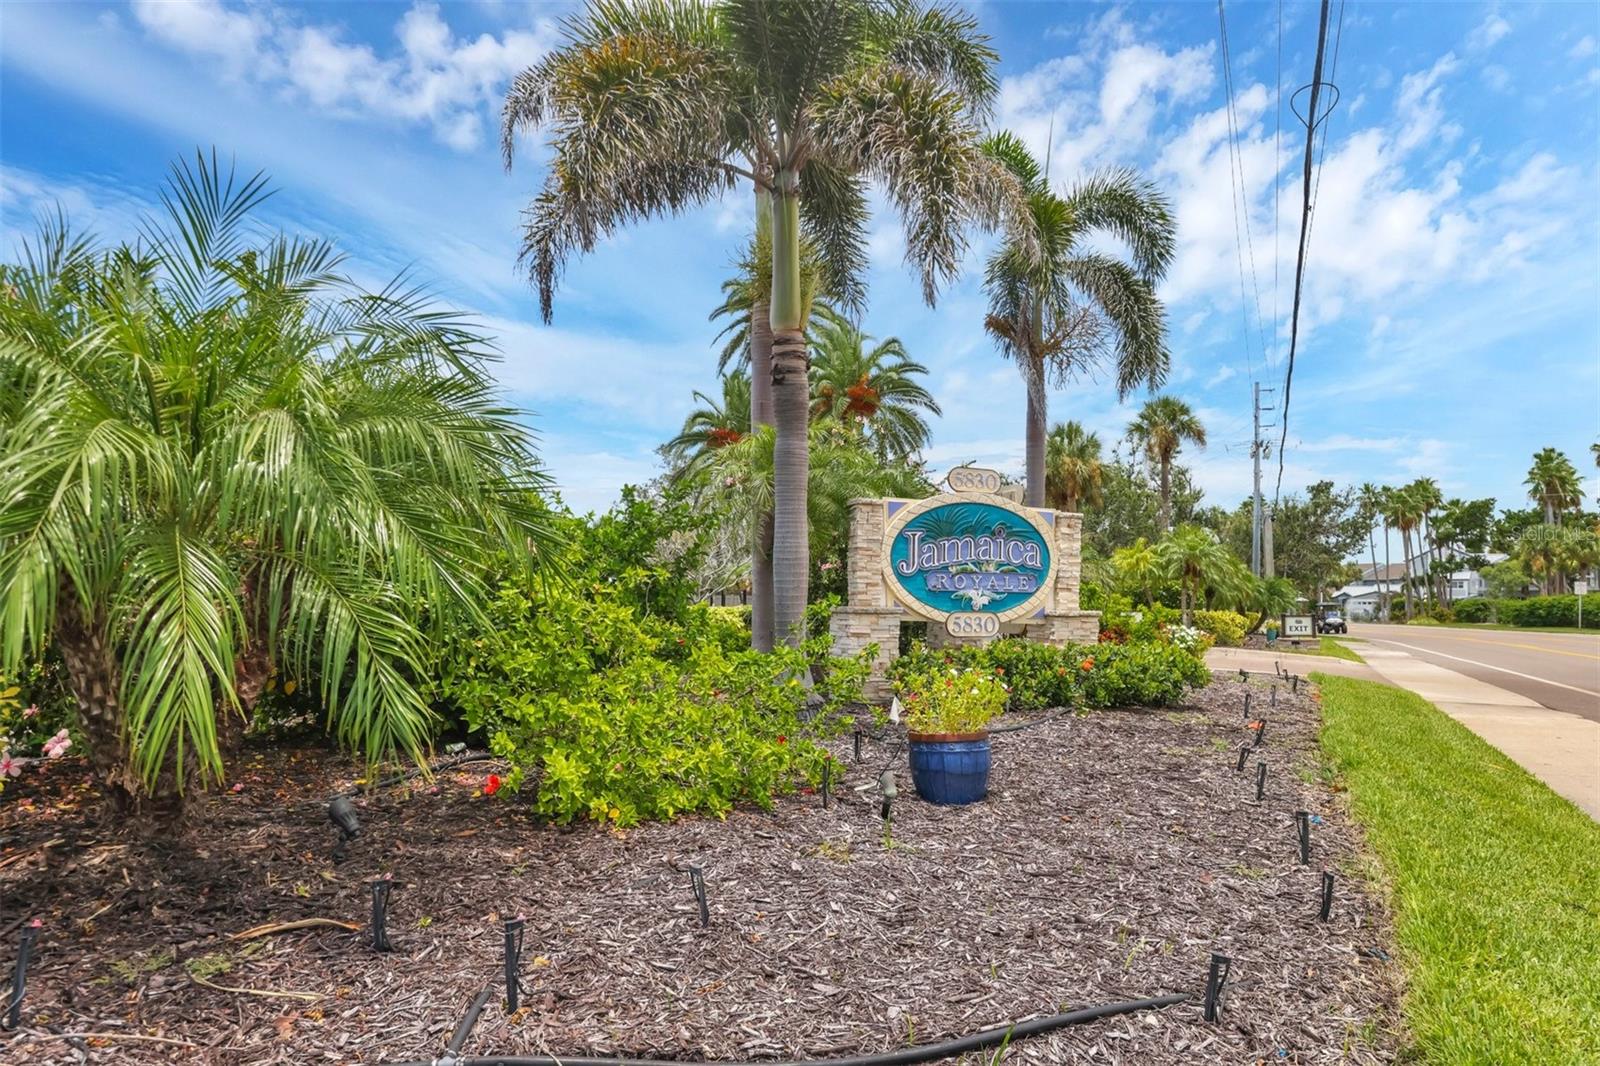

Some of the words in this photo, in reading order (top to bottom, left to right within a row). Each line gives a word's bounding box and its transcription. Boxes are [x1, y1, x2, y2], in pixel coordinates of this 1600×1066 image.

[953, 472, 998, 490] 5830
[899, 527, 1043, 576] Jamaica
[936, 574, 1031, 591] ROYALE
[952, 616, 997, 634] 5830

------------------------

◆ **TRY IT**:
Please output every entry exactly as written, apart from the pictures.

◆ **OUTPUT**:
Some of the words in this photo, in reading order (top to bottom, left to right within a row). Each line gives a word's bounding box and its transcription. Boxes are [x1, y1, x2, y2], in pixel coordinates of this 1600×1066 image.

[953, 472, 998, 490] 5830
[899, 527, 1043, 576] Jamaica
[936, 574, 1031, 591] ROYALE
[952, 616, 997, 634] 5830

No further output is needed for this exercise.